The Other Side of The Ice is a film about exploration, survival and family redemption. With the Arctic's infamous Northwest Passage as the back drop Theobald and his once estranged children try and accomplish what hundreds have died trying to do.
Starring: None - Documantary None - Documentary
Directed by: Sprague Theobald
Release year: 2013
Studio: Hole in the Wall Productions
|Sprague Theobald on his beloved Bagan, a 57’ Nordhavn.|
HOW HARD DO YOU THINK DAILY LIFE WAS DURING A NORTHWEST PASSAGE ABOARD A NORDHAVN YACHT NAMED MOTOR VESSEL 'BAGAN'?
Personal Website: http://spraguetheobald.com/splash/
T&T Article: http://www.trawlersandtrawlering.com/news/bagantransits.html
Previous NorthwestPassage2012 blog post: http://northwestpassage2012.blogspot.com/2012/09/2009-northwest-passage-sprague-theobald.html
What is the Northwest Passage really about? Can you say m-y-s-e-l-f? Or is it more about those Explorers and families of so many years gone bye?
Sprague Theobald has been there and completed a Northwest Passage... what are his memories?
Some Memories Are Better Than Others
Them and Us
We, I anyway, have always looked back at the men from the 1800s, the adventurers who took on the challenge of trying to find the Northwest Passage with absolutely no assurances that they would come back alive. They did so with nothing but flat-footed awe and reverence. In fact, if one were able to draw up the odds and likelihood that they would have a safe return, I’m sure this number wouldn’t move from the single digits. For this reason, in my writing, I referred to these amazing men as “Supermen”, the true heroes of their day, for which they unarguably were. We aboard Bagan and they, the “Supermen,” may have been sharing a similar challenge. However, any comparisons stop there for they, unlike us, had no comfort such as modern electronics, electronics that will show within a three foot radius where they/we were at any given moment.

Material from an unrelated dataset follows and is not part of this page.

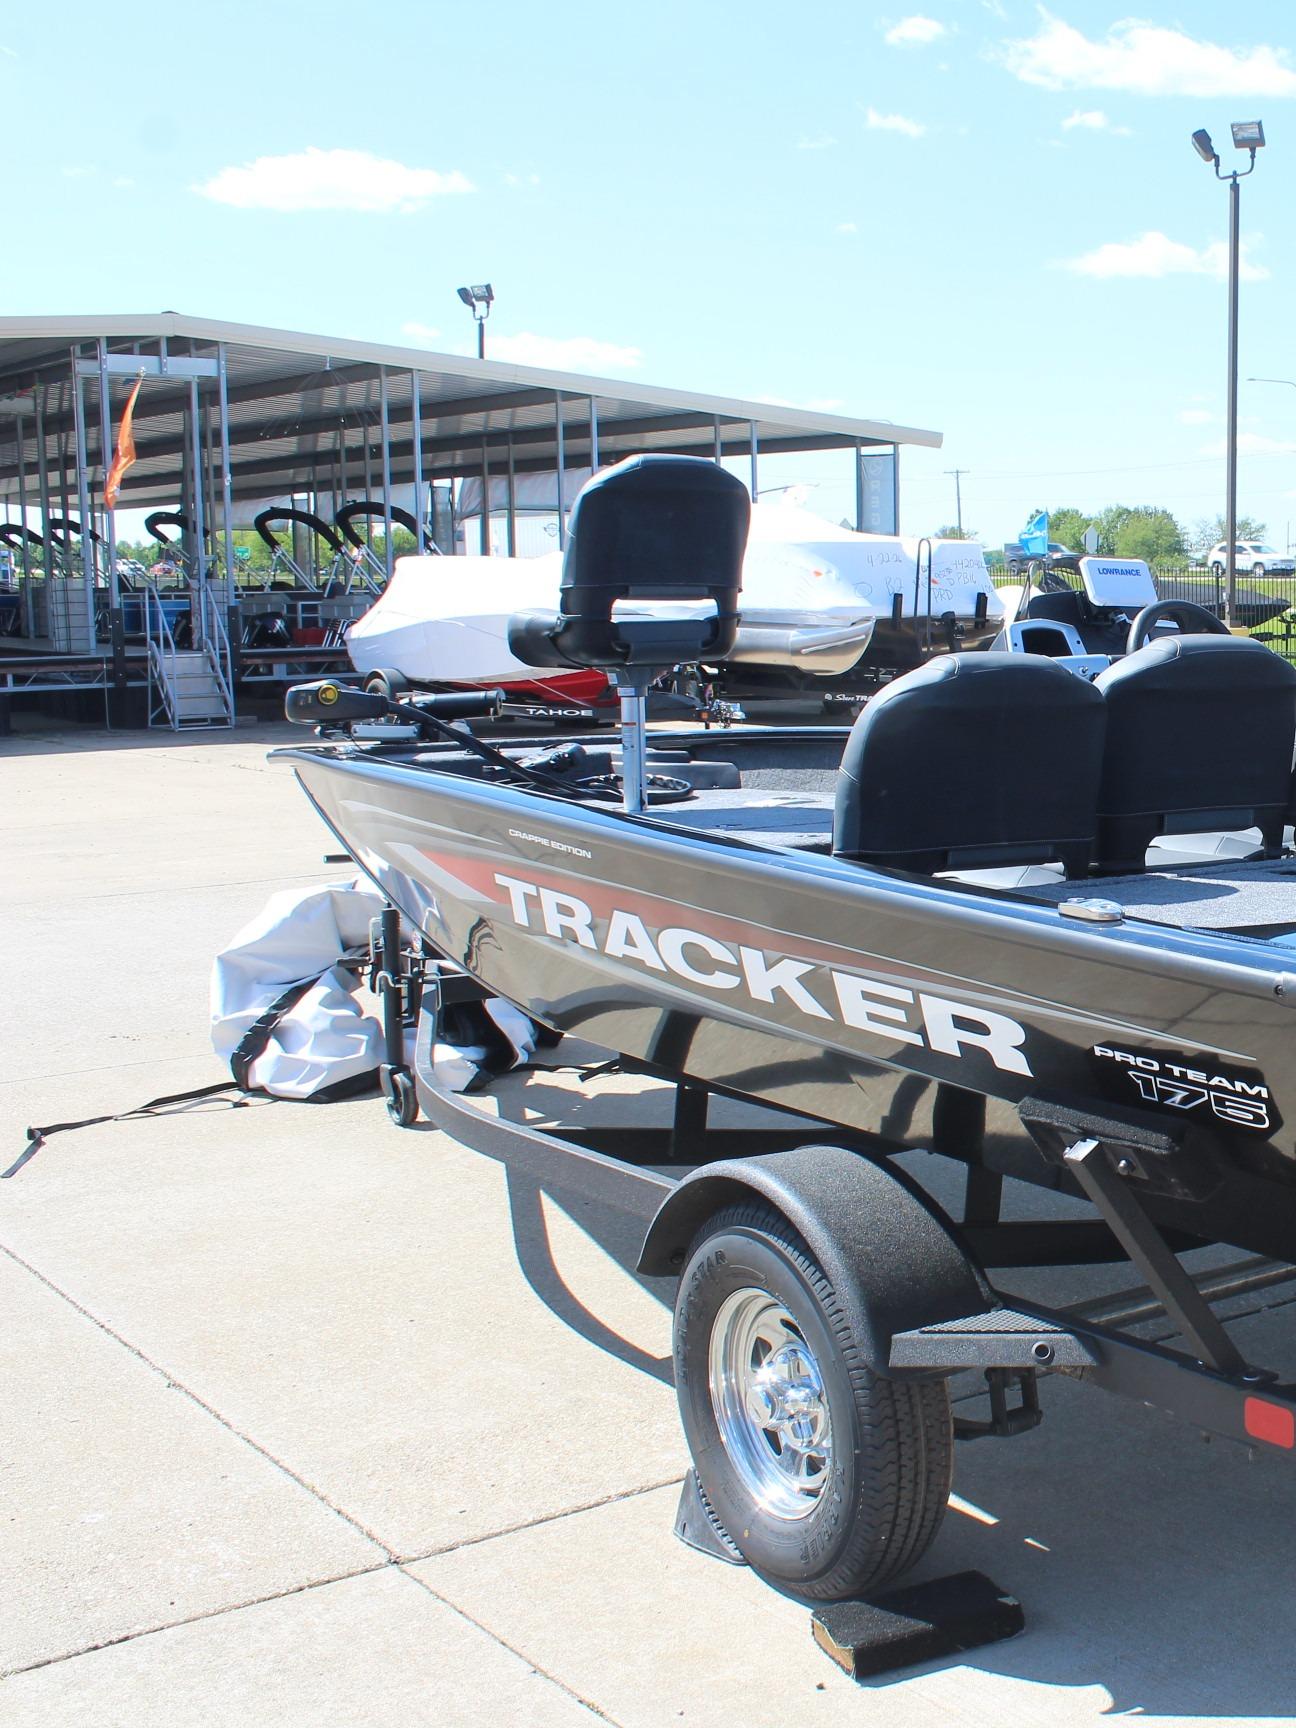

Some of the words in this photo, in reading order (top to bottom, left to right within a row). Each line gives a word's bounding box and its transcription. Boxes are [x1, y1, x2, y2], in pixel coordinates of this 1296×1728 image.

Today the power of a GPS is taken for granted. But for those men in the doomed Franklin Expedition of 1845, knowing precisely where they were from moment-to-moment would have literally been a God send. For them to be able to make use of a satellite phone, albeit it with very limited success, as we did was something that assuredly never entered their conscious thinking. Even something as mundane as watching a DVD, (oh, let me count the times the crew watched “Caddy Shack”) for a needed distraction, was over a hundred years in coming. We, on Bagan, were able to take advantages of these modern day devices, whereas those heroes of the 19th century were iced in and blissfully ignorant of possibilities to come.
Yet there is one thing that doesn’t require much imagination. It’s to know that we shared the tedious hours and days of waiting and the depths to which one’s thinking could sink. It’s the complete and total lack of familiar visual distractions that could help pull, even the darkest of thoughts, into a comfortable level of familiarity. They, as we, shared these hallow, dark and tenuous hours and days and, what’s more, we most probably all shared the feeling of, “If he says one more word I will pick up that flare gun and either stick it in my ear or his!”
Even adventures separated by 164 years know how tenuous relationships can be in such situations. I love my family dearly, as they hopefully love me. But there were certainly those moments, when my thoughts consisted of anything but family love!!
Yet 19th century or 21st century, this sharing of despair, emotionally tight living quarters, very little room for a breath of quiet and uninterrupted self-reflection stops at a certain point. We of the 21st century were able to distract ourselves by means of any one of the above mentioned modern electronic devices. We were able to somewhat create our own zone of “self” and comfort by staring at Bill Murray, watching him chase a gopher for the umpteenth time. Like the men from Franklin’s Erebus and Terror, we didn’t all share one cramped living space watching as ice formed around and upon us. At the very least, we had dependable diesel heat. Unbelievably these men lived literally inches apart, for years on end, and for the most part were reported to keep their sanity. This again is why, when looking back at our trip to and through The Northwest Passage and thinking of those from the 19th century who went before, there is absolutely no comparison between us and these “Supermen,” these true heroes of their day. I am humbled.